While filming, a bag of camera equipment was stolen from a set in East London. The thieves later returned and successfully stole more equipment, leading to the firing and replacement of the security team on set. During production, the set construction company, Helix 3D, went into bankruptcy, leaving several crew members with unpaid wages leading into the holiday season. Hardy initially offered to make up the difference before the production companies paid the workers instead.

===Music===
MobLand's music is composed by Muse's Matt Bellamy and composer Ilan Eshkeri. The show's theme song is "Starburster" by Fontaines D.C. The first and second episodes feature songs by the Prodigy, "Firestarter" and "Breathe" respectively.

== Release ==
MobLand premiered on Paramount+ on 30 March 2025, with episodes released weekly through 1 June 2025. The premiere broke the streamer's record for its largest global series launch ever, with 2.2 million viewers on 30 March. MobLand went on to accumulate over 26 million views in its first season, ranking it second on Paramount+ during that time behind only Landman. It also ranked in Nielsen's top 10 SVOD list, in the original series category, for six consecutive weeks.

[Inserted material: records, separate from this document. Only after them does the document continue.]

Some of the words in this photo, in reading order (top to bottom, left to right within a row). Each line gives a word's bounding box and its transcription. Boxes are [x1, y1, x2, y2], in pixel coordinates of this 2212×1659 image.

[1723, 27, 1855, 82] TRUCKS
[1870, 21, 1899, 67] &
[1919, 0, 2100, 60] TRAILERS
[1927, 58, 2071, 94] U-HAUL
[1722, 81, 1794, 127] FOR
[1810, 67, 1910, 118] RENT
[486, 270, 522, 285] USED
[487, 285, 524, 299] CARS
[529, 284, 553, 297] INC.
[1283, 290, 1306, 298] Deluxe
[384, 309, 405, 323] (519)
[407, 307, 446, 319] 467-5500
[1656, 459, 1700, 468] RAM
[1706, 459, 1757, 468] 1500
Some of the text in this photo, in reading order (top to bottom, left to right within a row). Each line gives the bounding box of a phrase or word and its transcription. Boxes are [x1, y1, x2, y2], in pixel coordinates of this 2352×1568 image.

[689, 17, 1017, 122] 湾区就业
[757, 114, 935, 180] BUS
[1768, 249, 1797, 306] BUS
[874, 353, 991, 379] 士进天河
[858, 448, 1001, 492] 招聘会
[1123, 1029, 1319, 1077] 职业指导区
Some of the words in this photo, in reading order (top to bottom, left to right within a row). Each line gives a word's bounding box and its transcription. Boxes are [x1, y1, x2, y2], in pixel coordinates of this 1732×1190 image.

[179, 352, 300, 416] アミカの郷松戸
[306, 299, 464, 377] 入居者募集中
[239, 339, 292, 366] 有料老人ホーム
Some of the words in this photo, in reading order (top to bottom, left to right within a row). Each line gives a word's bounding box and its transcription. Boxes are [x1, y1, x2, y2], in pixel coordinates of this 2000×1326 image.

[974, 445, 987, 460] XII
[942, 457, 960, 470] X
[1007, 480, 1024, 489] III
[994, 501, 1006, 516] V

The second season premiered on 18 September 2026.

== Reception ==
On the review aggregator website Rotten Tomatoes, MobLand has an approval rating of 76% based on 45 critical reviews. The website's critical consensus reads, "Tom Hardy's gruff charisma is put to good use in MobLand, a gangster saga that hardly reinvents the genre but nails its conventions with crunchy style and memorable performances." Metacritic, which uses a weighted average, assigned a score of 60 out of 100, based on 18 critics, indicating "mixed or average" reviews.